3. Liga: Würzburger Kickers wollen am Mittwoch gegen Preußen Münster den ersten Sieg

Es geht Schlag auf Schlag: die erste englische Woche in dieser noch jungen Drittliga-Spielzeit steht an! Der FC Würzburger Kickers empfängt nur drei Tage nach dem 1:1 gegen Werder Bremen II an diesem Mittwochabend, 2. August, 19 Uhr, den SC Preußen Münster in der FLYERALARM Arena.

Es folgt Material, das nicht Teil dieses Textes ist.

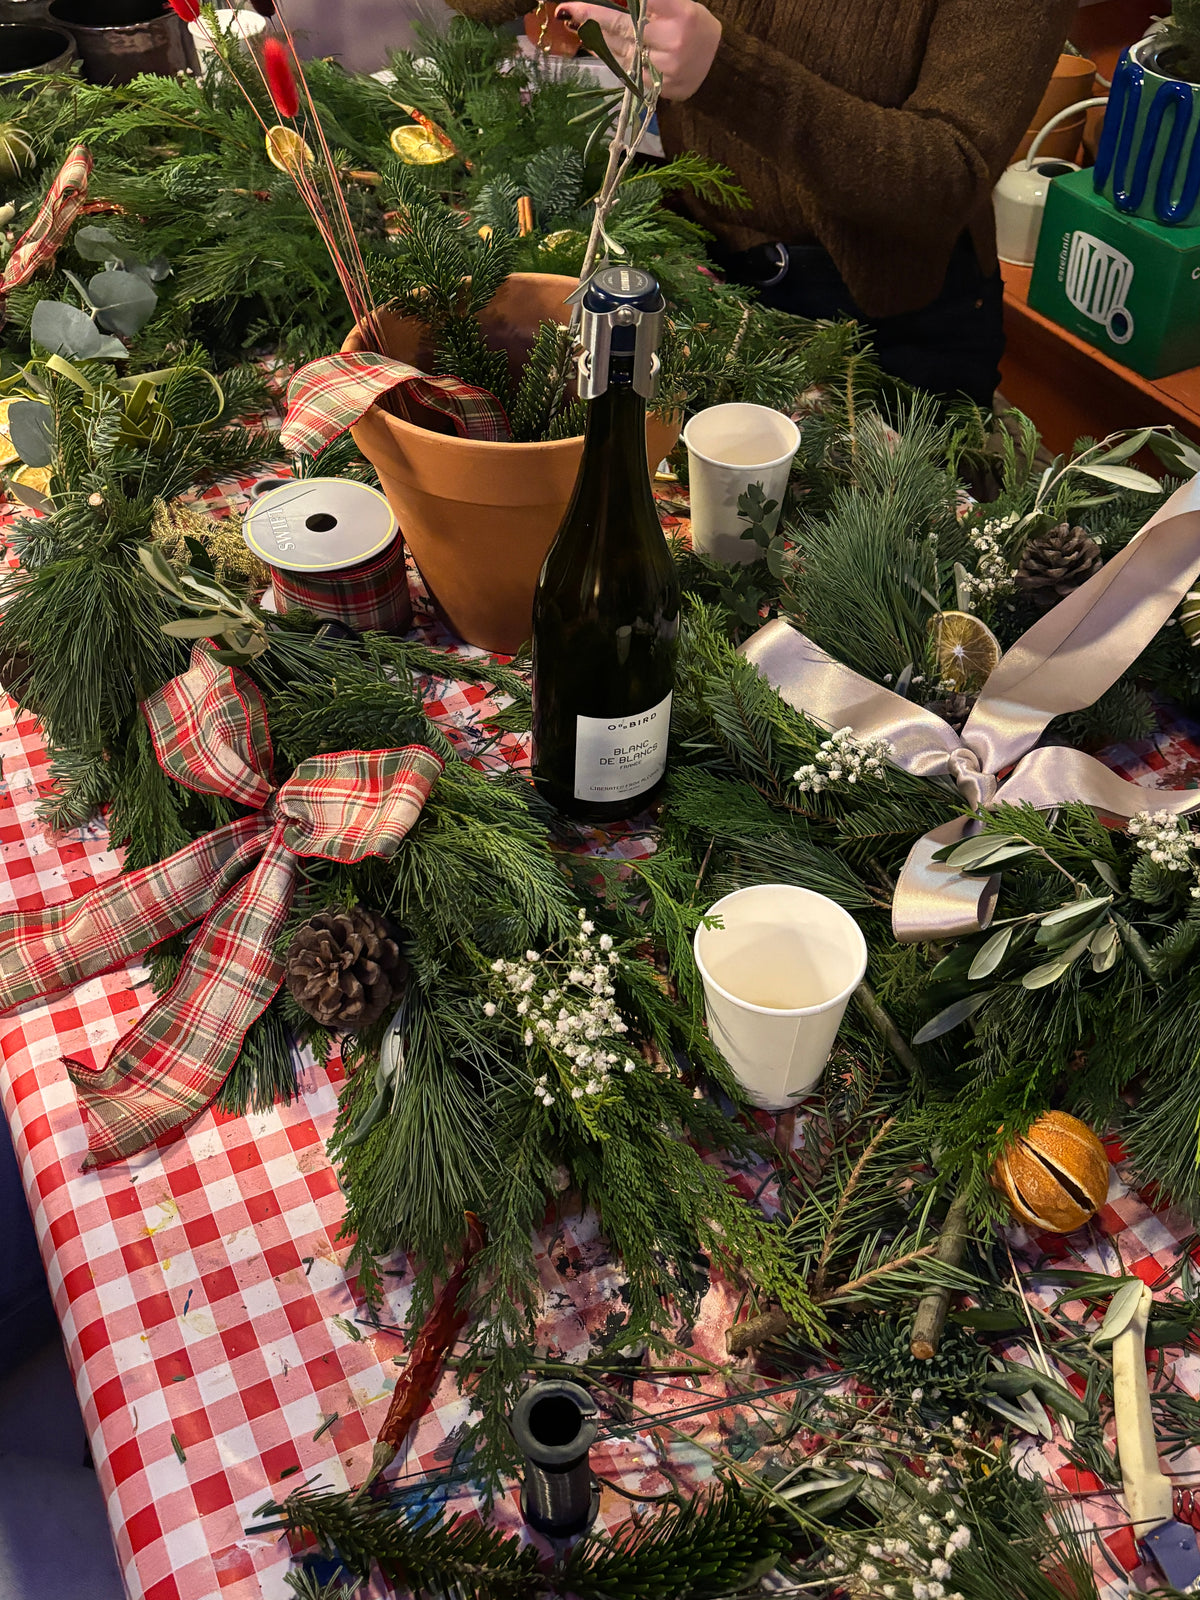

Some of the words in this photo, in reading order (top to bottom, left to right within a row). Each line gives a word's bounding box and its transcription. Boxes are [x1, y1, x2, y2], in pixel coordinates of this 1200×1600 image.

[267, 508, 295, 551] SWIFT
[599, 757, 615, 766] DE
[619, 742, 658, 764] BLANCS
[614, 739, 649, 756] BLANC

„Preußen Münster ist ein echter Traditionsverein mit einer tollen Geschichte und großen Ambitionen. Die Mannschaft kennt die 3. Liga bestens und weiß, worauf es in dieser Spielklasse ankommt“, sagt FWK-Cheftrainer Stephan Schmidt: „Wir wissen um die Stärken der Münsteraner, wollen aber selbst wieder das Heft des Handelns in die Hand nehmen und mit der Unterstützung von den Rängen, die gegen Bremen fantastisch war, agieren statt reagieren.“ Eine große Rolle wird laut Stephan Schmidt beim Flutlichtspiel am Mittwochabend die Geduld spielen: „Es wird viel Arbeit auf uns zukommen. Wir benötigen erneut eine gesunde Balance. Beim Heimspiel gegen Werder haben wir schon sehr viel richtig gemacht. Die Mannschaft ist extrem ehrgeizig und mental stark. Wir sind bereit.“

Für Felix Müller ist die Partie gegen seinen Ex-Klub zweifelsohne etwas Besonderes. Ein Jahr lang trug er in der 3. Liga das Trikot der Münsteraner, ehe er im Sommer 2016 zu den Kickers gewechselt ist. „Ich hatte eine schöne Zeit in Münster. Es ist immer schön, alte Kollegen wiederzutreffen, auch wenn sich das Gesicht der Mannschaft dort ebenso verändert hat“, sagt Felix Müller: „Wir hoffen, dass wir dieses Mal nicht in Rückstand geraten. Es ist der Mannschaft jedoch hoch anzurechnen, dass sie zweimal nach einem solchen zurückgekommen ist. Das spricht für unsere Mentalität.“

Münster mit starkem Start

Dass die Aufgabe gegen die Gäste aus dem Münsterland alles andere als einfach ist, wissen Cheftrainer Stephan Schmidt und sein Team. Der SCP hat nach zwei Spieltagen vier Zähler auf dem Konto. Nach dem 1:1-Remis zum Auftakt beim FC Rot-Weiß Erfurt feierte die Mannschaft von Trainer-Urgestein Benno Möhlmann zuletzt einen 3:0-Heimerfolg über den SV Meppen. In beiden Partien traf Kapitän und Sturmführer Adriano Grimaldi. „Sowohl von der Spielweise als auch von den Ergebnissen können wir mit dem Start zufrieden sein“, sagt Benno Möhlmann, der in Würzburg weiterhin auf Lucas Cueto und Nico Rinderknecht verzichten muss, Ole Kittner befindet sich nach SCP-Angaben in den letzten Zügen des Heilungsprozesses. Ansonsten kann der 62-Jährige Fußball-Lehrer aus dem Vollen schöpfen.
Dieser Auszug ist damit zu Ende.